Your article in the View Section about the Citroen 2CV renewed memories of observing them in France 25 years ago ("They're Going to Pieces for a Little French Car" by Paul Dean, May 24). From the picture, it seems that they have been modernized only slightly with more impressive-looking bumpers in place of the half-inch, thin-wall metal pipe that looked like electrical conduit tubing, and a slightly more rounded appearance.
Not apparent from the picture is whether they retain the very light, simple and effective hammock sling seats or the four-wheel independent torsion bar spring suspension. At its normal (read "slow") speeds, these two innovations really soaked up the bumps on rough French country roads.

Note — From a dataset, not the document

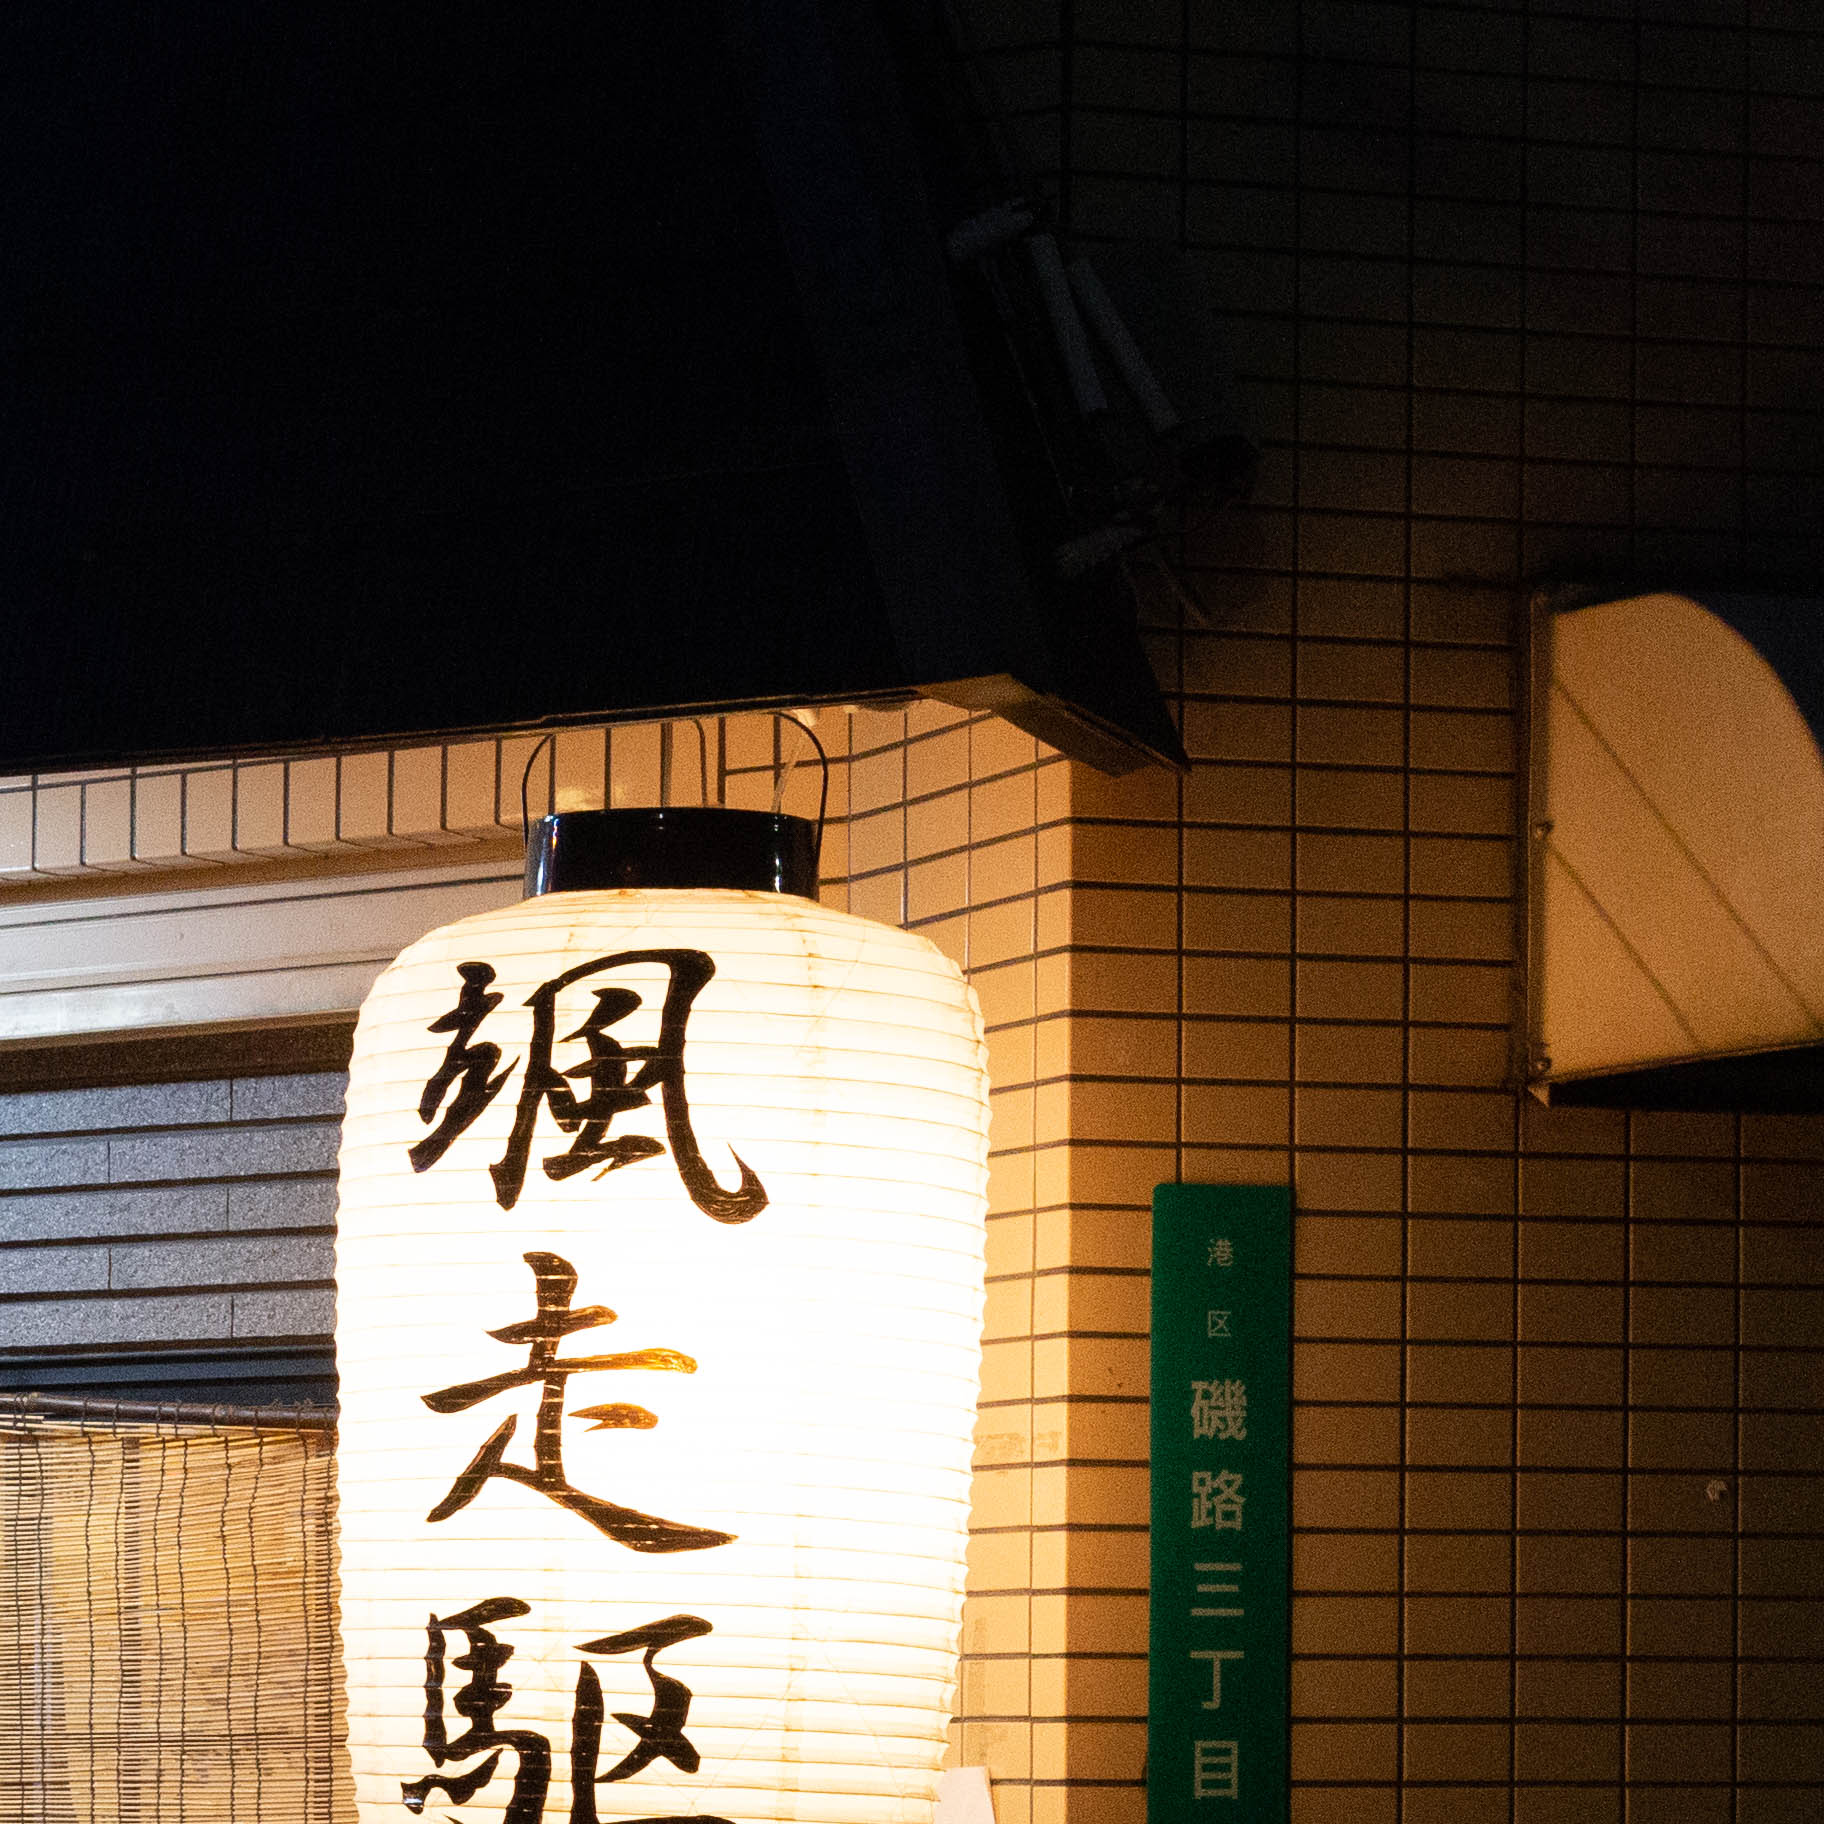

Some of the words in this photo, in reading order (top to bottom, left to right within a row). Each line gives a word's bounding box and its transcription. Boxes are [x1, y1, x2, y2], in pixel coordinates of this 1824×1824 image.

I was told that the 2CV made it possible for the average Frenchman to graduate from bicycle to automobile after World War II because of its simplicity and do-it-yourself maintenance features. Also I learned that whenever there was a long line of cars going slowly up a grade, there was always a 2CV at the head of it--in lowest gear at full throttle.
Despite all this, its capabilities so fascinated a U.S. Navy captain friend of mine on duty in Paris that he brought one back to the U.S. to use as an off-road vehicle and as a self-propelled duck blind (with the cloth top slid back).
One correction is needed to your staff writer's coverage. The CV stands for cheveaux vapor , meaning steam horses. This is not a power rating in internal combustion engines. It is a displacement rating, derived from the fact that at some standard steam pressure, a certain cylinder displacement in a steam engine generates one horsepower. I understood that it was a unit used to determine license fees.